# Wyeast 1056 V Us-56



## Beer Krout (14/9/06)

Hi Guys

I'm yet to use both yeasts and compare.
I was just after anybodies opinion as to whether the finished product turns out pretty similar (in the end).

I was reading in the latest copy of Zymurgy about their comparisons between dry and wet 56. They seem to conclude with limited data and tests that there wasn't much difference.

I recently tried US-56 with a low hopped American Amber and it appears to have that taste (not very good at describing it) that I'd associated other dry yeasts, I had tried over a year ago. To be fair the beer is only two weeks in the bottle.

Anyway this was one of the reasons why I switched to liquid yeast was to get away from this flavour. 

Anyone like to comment on what they have found?

Cheers
BK

edited: to make sense


----------



## Kai (14/9/06)

I've read that article too and found it a little disappointing. However, I've used both US-56 and 1056 a few times and have not noticed much of a difference. US-56 seemed to floc slightly better, but I haven't used it enough to confirm.

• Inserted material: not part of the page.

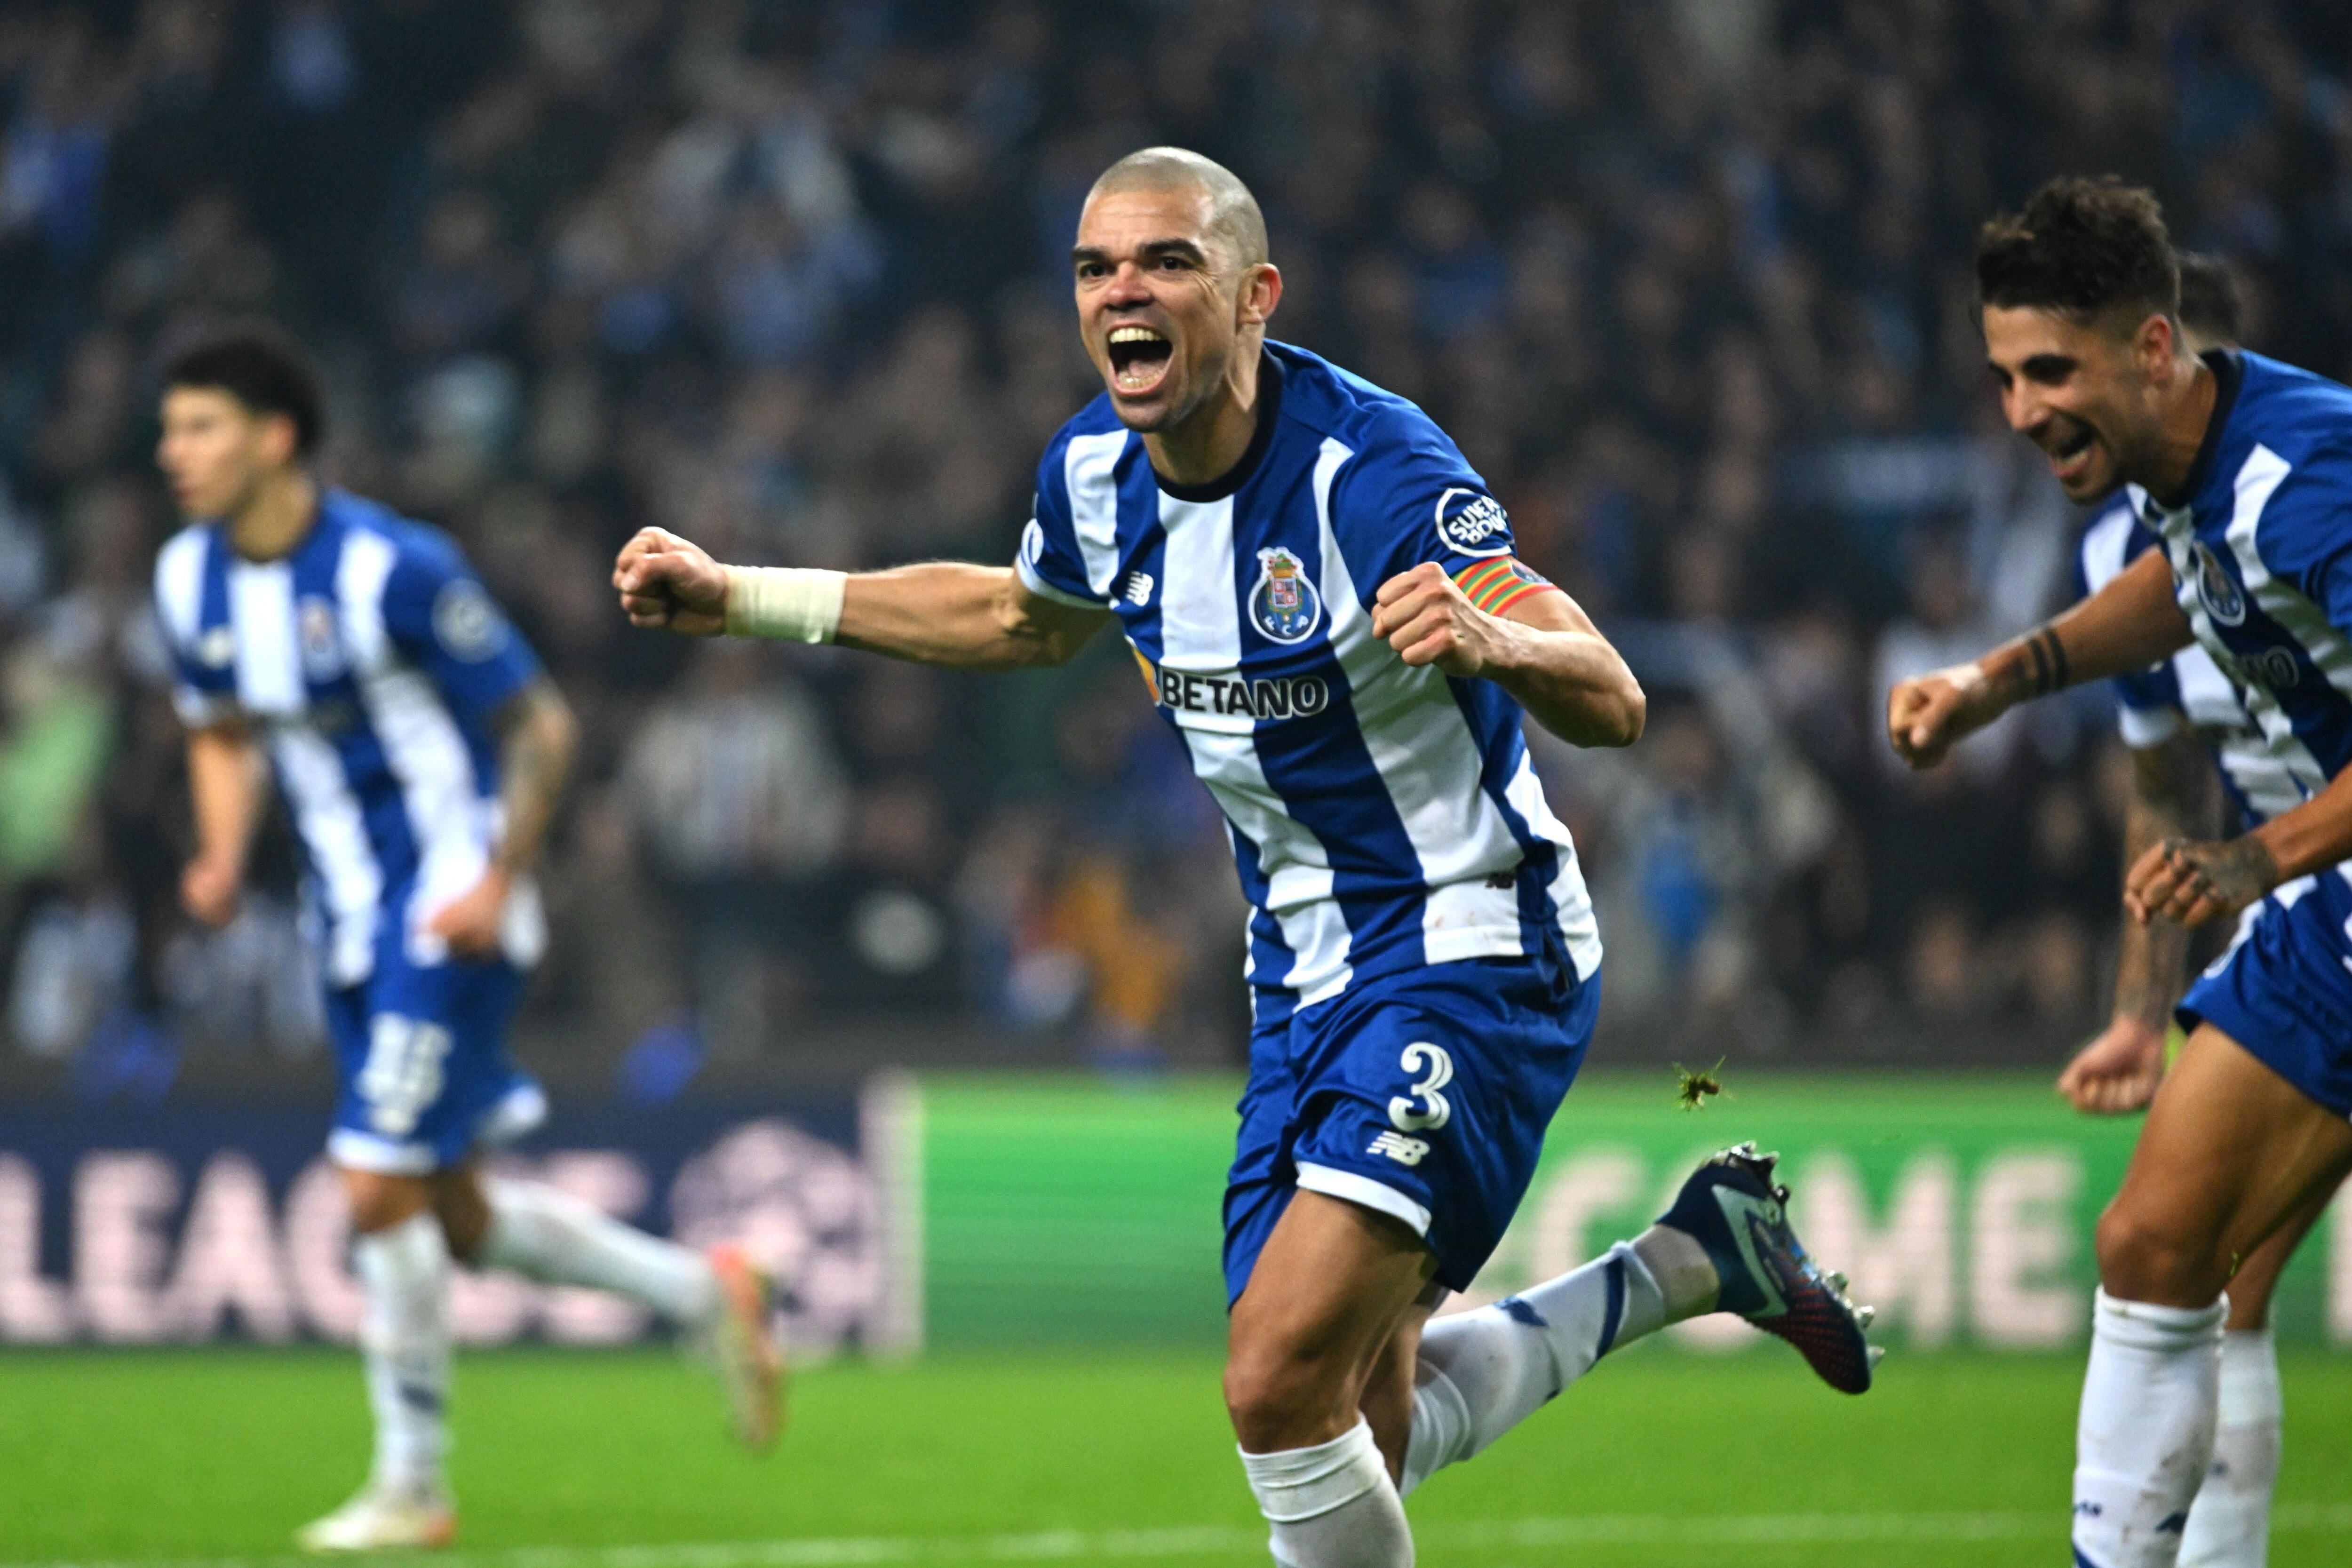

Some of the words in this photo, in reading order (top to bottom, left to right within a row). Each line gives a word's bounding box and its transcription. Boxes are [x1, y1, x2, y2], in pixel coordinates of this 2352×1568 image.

[1160, 667, 1329, 720] BETANO
[1388, 1041, 1454, 1130] 3
[0, 1148, 652, 1343] LEAE

I have not noticed any dried yeast flavour from US-56, beers I've done with it have all had a very neutral yeast profile. I'd always use it over 1056 unless I had some 1056 cultures ready to hand.


----------



## Voosher (14/9/06)

Some discussion re 1056 v US-56 here.

Personally I think 1056 gives a slightly better flavour; US-56 finishes just a bit drier. The difference however is minute. For the record I prefer other liquid US yeasts to 1056 but happily keep US-56 as a standby-dry. And I agree with Kai - US-56 floccs better making it preferable for a lot of brewers over the often cloudy 1056.


----------



## Screwtop (14/9/06)

There is a difficulty with comparing yeasts, even the same strains in liquid or dried forms. The dried pitch of one 11.5g sachet properly rehydrated would have a higher cell count than a smack pack, also different wort compositions will give different results. Used US-56 in my last 3 brews, same use by date and batch numbers. All were reconstituted in 110ml of 25C water, mixed to a slurry rested for 20 min then whisked and rested for 30 min before pitching. First one did not take off at all, is down 36 points after 11 days. The next reached a good krausen and is down 40 points in 7 days and the last was working well and had deposited a big yeast cake, gave all of the fermenters a little rouse (rotate) yesterday. Tonight (day 5) the bloody thing had to have a blow-off tube inserted as it was crawling out of the airlock. All fermented at 19C.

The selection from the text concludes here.